4. Domains can disappear from search engine indices for tons of reasons, but
when analyzing the actual causes it's certainly not helpful to always
assume "cloaking" as the first and prime suspect. (Not saying that you did,
but it's a fairly common gut level response, usually with people who don't
know the least bit about cloaking in the first place. This is very much akin to
the "Here be dragons" maps of yore and more often than not just as
mythical ...)
The chances of losing a professionally crafted cloaked domain in a search
engine index, while technically quite real, are, in actual practice, extremely
remote. There's lots of reasons for this I won't bore you with here, but if
you'd like to discuss it at any length, perhaps you'd want to set up a new
thread. Thus, any professional analysis will assign the possibility of cloaking
being the cause a fairly low priority.

5. "Phony cache": sorry, but there simply ain't no such animal! A search
engine's cache is a snapshot of what the search engine spider has actually
crawled ("seen and stored", you might say). And the cache is what the
search engine ranking mechanism will normally take for a basis, though many
other factors will be added on top of the onsite criteria.
The only way a webmaster or -mistress can change cached content is by
setting up new content and having the spider crawl and reindex it - in
which case, again, it wouldn't be "phony".

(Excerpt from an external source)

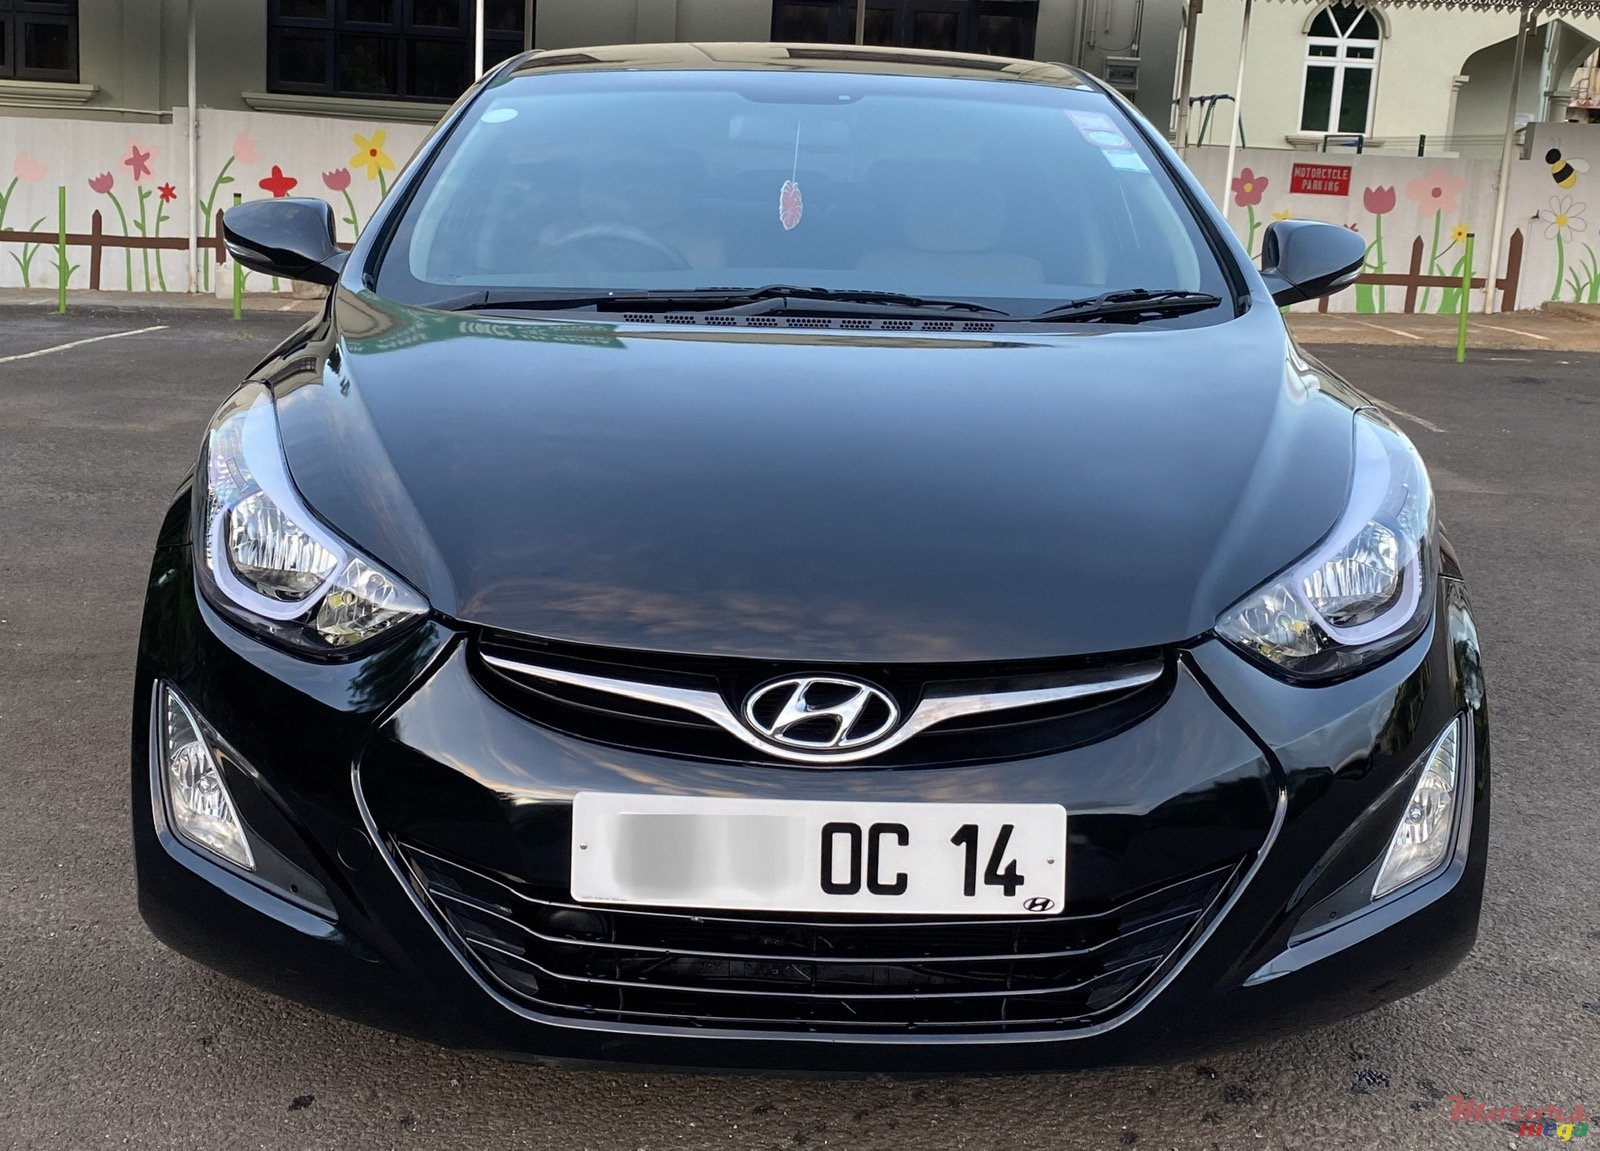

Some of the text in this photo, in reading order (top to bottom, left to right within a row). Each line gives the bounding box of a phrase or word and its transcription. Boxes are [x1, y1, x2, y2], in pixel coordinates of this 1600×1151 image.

[1294, 167, 1349, 180] MOTORCYCLE
[1302, 179, 1340, 192] PARKING
[820, 822, 1025, 897] OC 14

However, there's methods of redirecting searchers who take a peek at the
SERP's cache.
This can be (and is being) done for lots of reasons, all of them quite
legitimate. Here's only three of them:
a) caching tends to break up relative links on a web page which may botch
up navigation, proper display of graphics, etc.;
b) the page content is copyright protected so the search engine has no right
in the world to store and use (display) it within another environment (frames,
SE tag in the header, etc.) without the copyright holder's express
permission;
3) a cache may be quite dated, depending on the search engine's indexing
cycle, so you wouldn't want the searcher to be confused by obsolete
information, etc. etc.

Last edited by fantomaster : 10-14-2004 at 02:24 AM. Reason: Edited some typos + ommissions.